Management of Bile Leak after Laparoscopic Cholecystectomy

Ali Momtaz Bikhtiyar; Sattar Jabbar Kadhim

Iraqi Postgraduate Medical Journal, 2021, Volume 20, Issue 2, Pages 193-199
DOI: 10.52573/ipmj.2020.168629

Bile leak after laparoscopic cholecystectomy is not an uncommon complication, it’s a serious one and its management requires a lot of resources, and expertise. The evolution of laparoscopic cholecystectomy and being the standard of management had a disadvantage of slightly elevating bile leak incidence.
To identify the best way management to decrease the burden on the patient either quick healing, decrease complications and outline the complications after management modalities.
This is a prospective study describing route of management from the period January 2018- January 2019 in Al-Yarmouk Hospital and Gastrointestinal and hepatology teaching Hospital.
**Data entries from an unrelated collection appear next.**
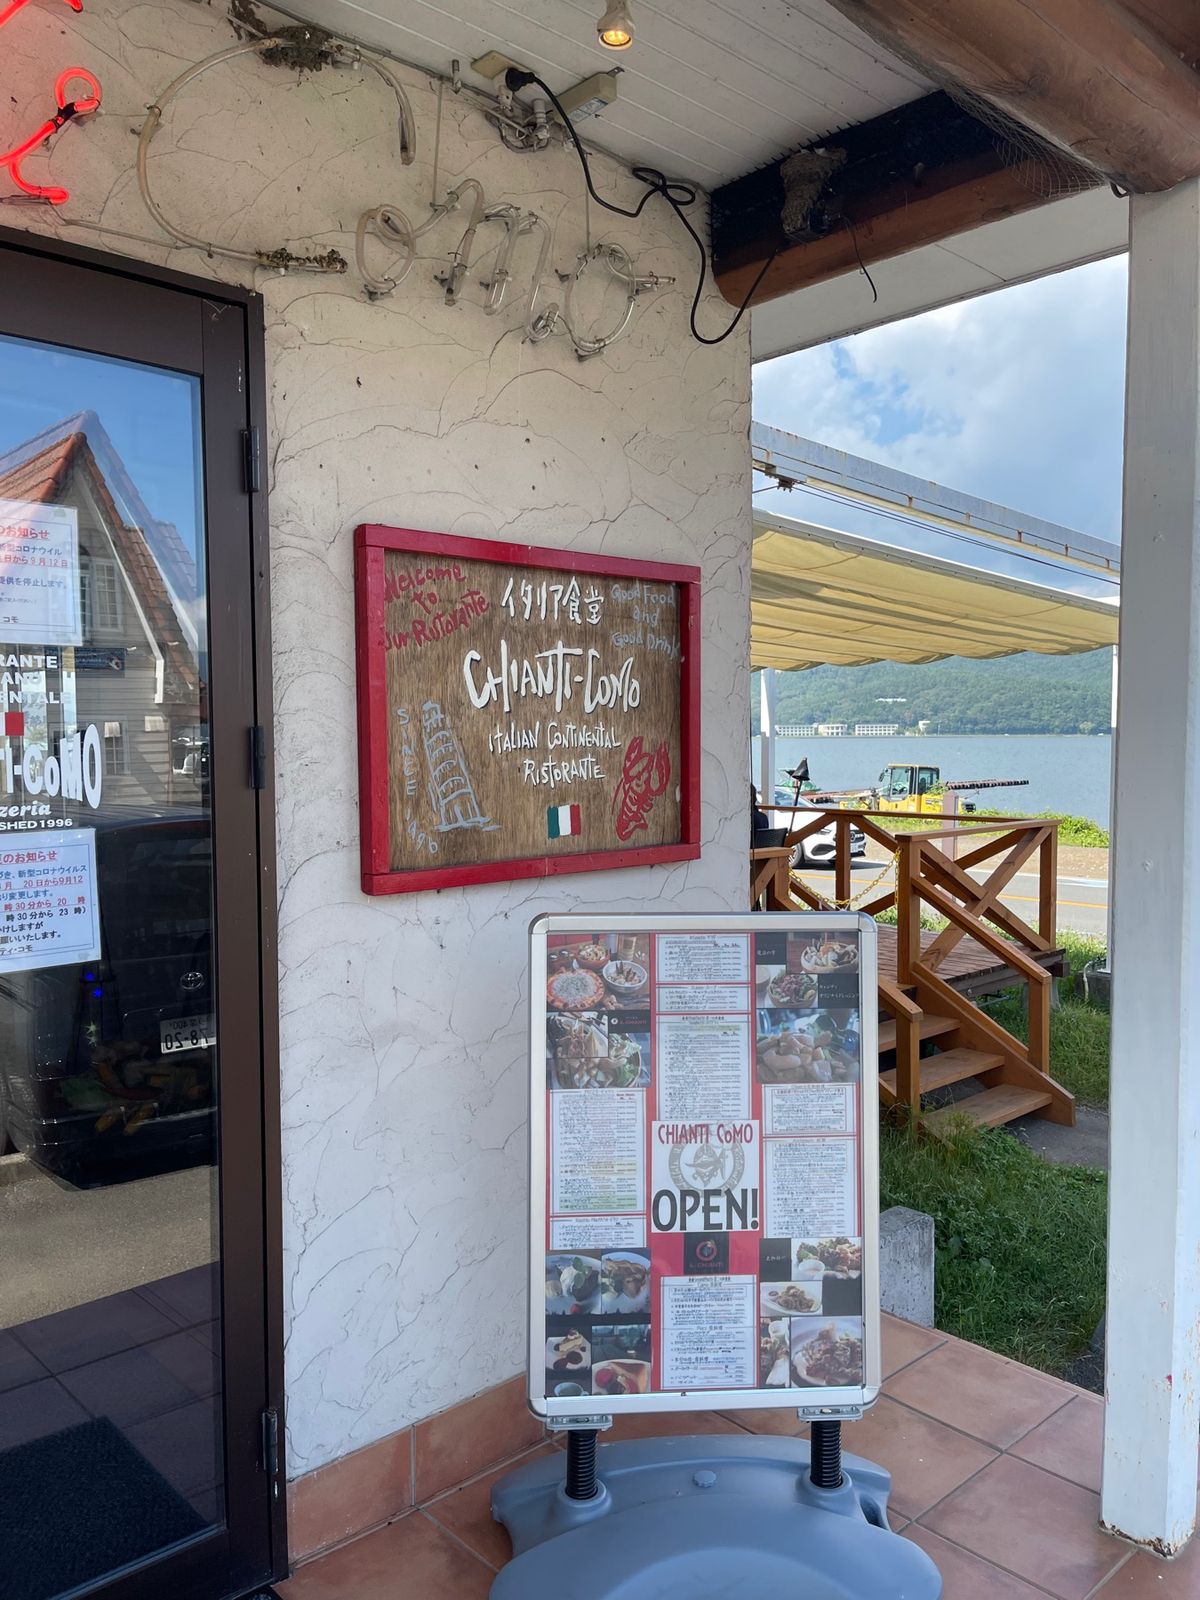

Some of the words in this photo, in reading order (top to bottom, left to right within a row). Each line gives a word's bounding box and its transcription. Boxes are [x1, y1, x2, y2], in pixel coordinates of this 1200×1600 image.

[384, 563, 466, 603] Welcome
[501, 575, 604, 625] イタリア食堂
[488, 721, 540, 754] ITALIAN
[0, 820, 38, 831] SHED
[39, 818, 73, 829] 1996
[0, 850, 57, 864] のお知らせ
[0, 889, 53, 902] り変更します。
[0, 921, 44, 933] けしますが
[658, 1123, 710, 1145] CHIANTI
[652, 1188, 759, 1232] OPEN!
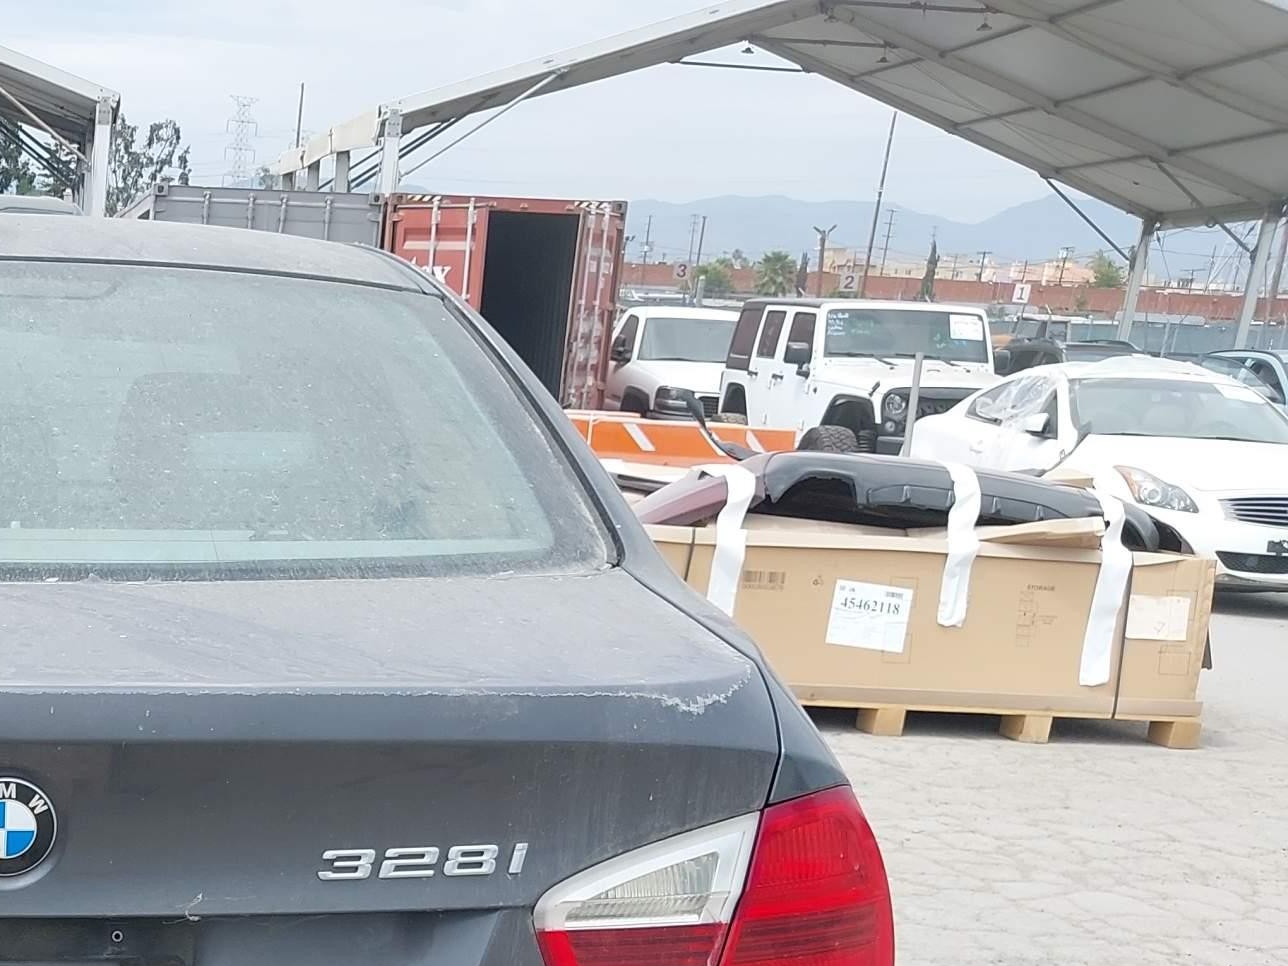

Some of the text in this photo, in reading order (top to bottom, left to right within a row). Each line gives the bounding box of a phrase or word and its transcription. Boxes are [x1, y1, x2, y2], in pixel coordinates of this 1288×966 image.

[676, 264, 687, 278] 3
[844, 275, 854, 289] 2
[1016, 286, 1025, 301] 1
[840, 597, 901, 615] 45462118
[317, 843, 528, 881] 328i
Where 34 patients enrolled for bile leak after laparoscopic cholecystectomy. Patients were followed from their admission, investigations, determining site of leakage, choosing the method of management according to out-put grade, site. Comparing closure time and complications related to each.
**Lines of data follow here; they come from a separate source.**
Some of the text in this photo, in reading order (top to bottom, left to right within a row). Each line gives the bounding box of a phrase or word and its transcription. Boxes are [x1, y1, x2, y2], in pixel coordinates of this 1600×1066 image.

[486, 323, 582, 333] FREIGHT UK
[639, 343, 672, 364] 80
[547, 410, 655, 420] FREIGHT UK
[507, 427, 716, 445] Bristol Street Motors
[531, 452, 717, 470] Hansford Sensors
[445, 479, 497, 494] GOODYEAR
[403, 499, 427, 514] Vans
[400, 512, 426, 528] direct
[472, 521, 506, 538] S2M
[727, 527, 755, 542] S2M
The study involved 34 patients who were managed for bile leak, mean age 42.13. Females were 76.5% (26), males were 23.5% (8). ERCP and MRCP used to determine the site of leakage: cystic duct 55.9% (19), liver bed 8.8% (3) and major duct injuries: Strasberg D 32.4% (11) and Strasberg E1 2.9% (1). These sites further divided in to low-grade <300 cc/day 73.5% (25) and high-grade >300 cc/day 26.5% (9). Management was according to site and grade of leak: conservative 23.5% (8), Endoscopic Retrograde Cholangiopancreatography alone/stent 70.6% (24) and surgical reconstruction 5.9% (2).             All patients were followed for 4 months. These modalities compared to each other in terms of closure time and complications.
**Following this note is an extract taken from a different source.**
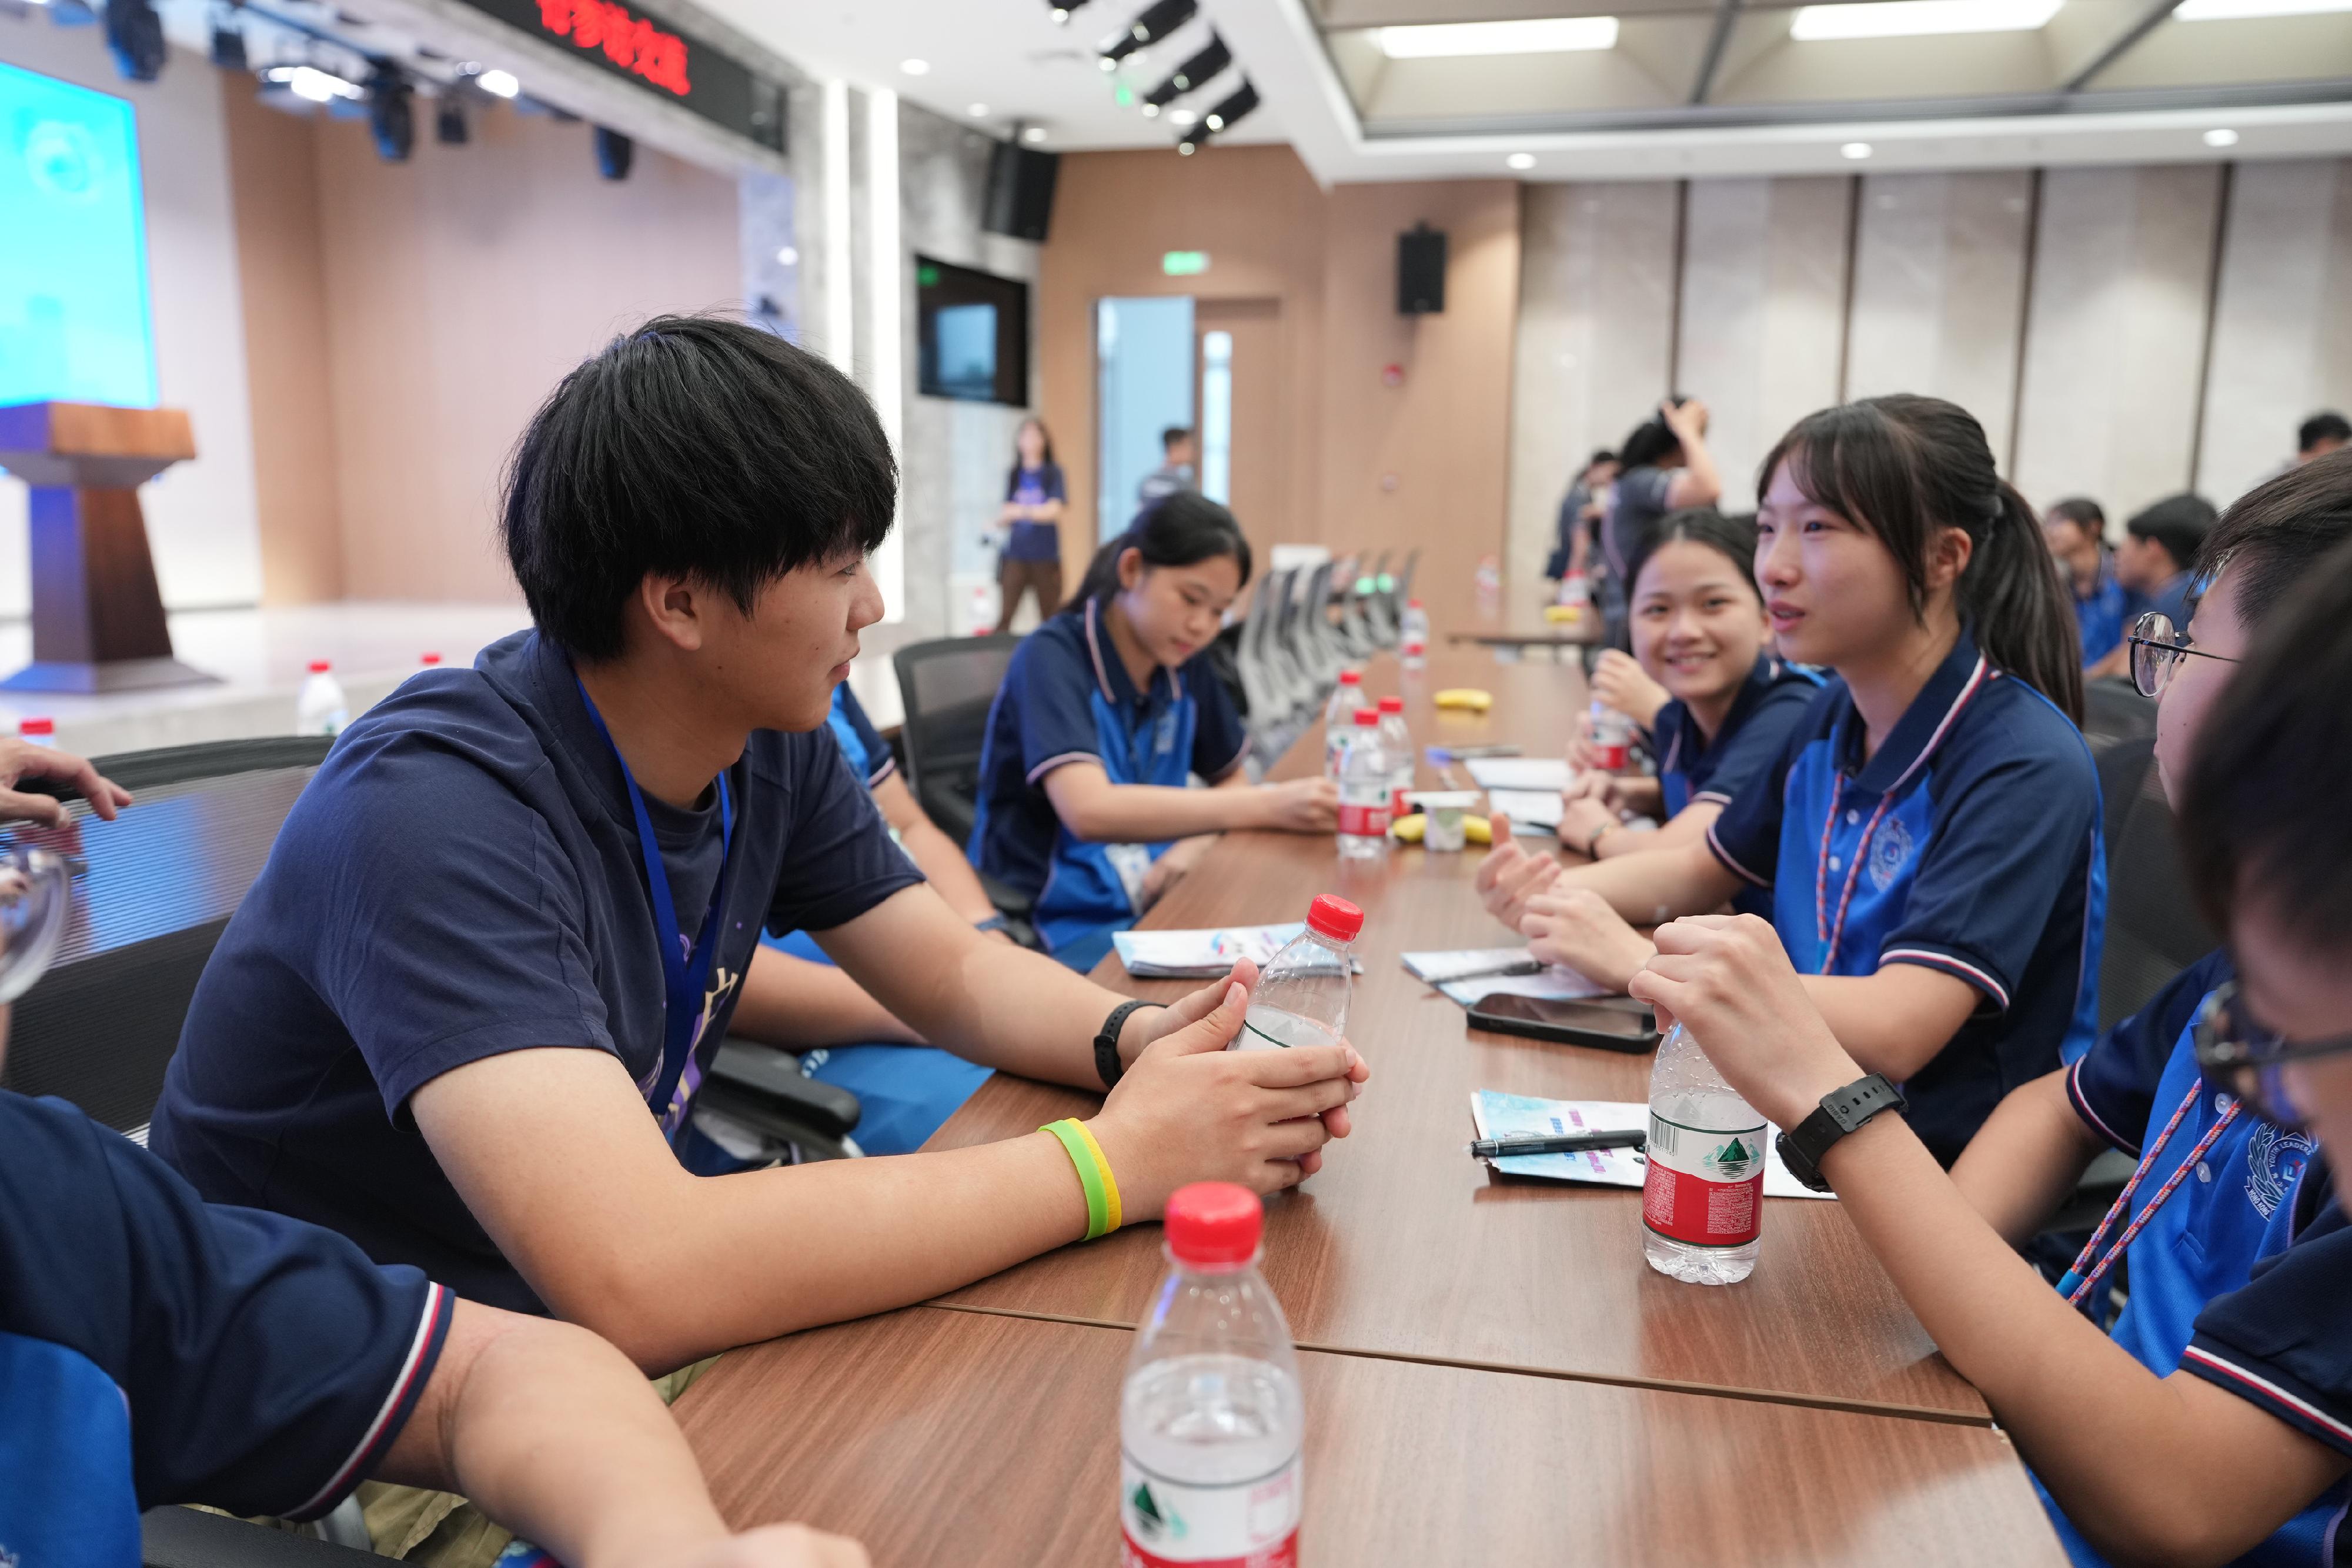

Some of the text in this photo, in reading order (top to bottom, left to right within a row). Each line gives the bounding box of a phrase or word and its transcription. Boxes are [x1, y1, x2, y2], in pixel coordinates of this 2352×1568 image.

[2269, 1142, 2311, 1168] YOUTH LEADERS
[2249, 1188, 2270, 1216] HONG KONG
Some patients with bile leak can be managed using conservative measures alone. Sphincterotomy alone can be used in low grade leaks, from cystic duct. High grade, major duct injuries is best managed with sphincterotomy plus stenting to enhance healing.
Although conservative management or sphincterotomy alone decreases the complications rate but carries a disadvantage of delaying closure time.
Sphincterotomy plus stenting enhances closure time over other methods.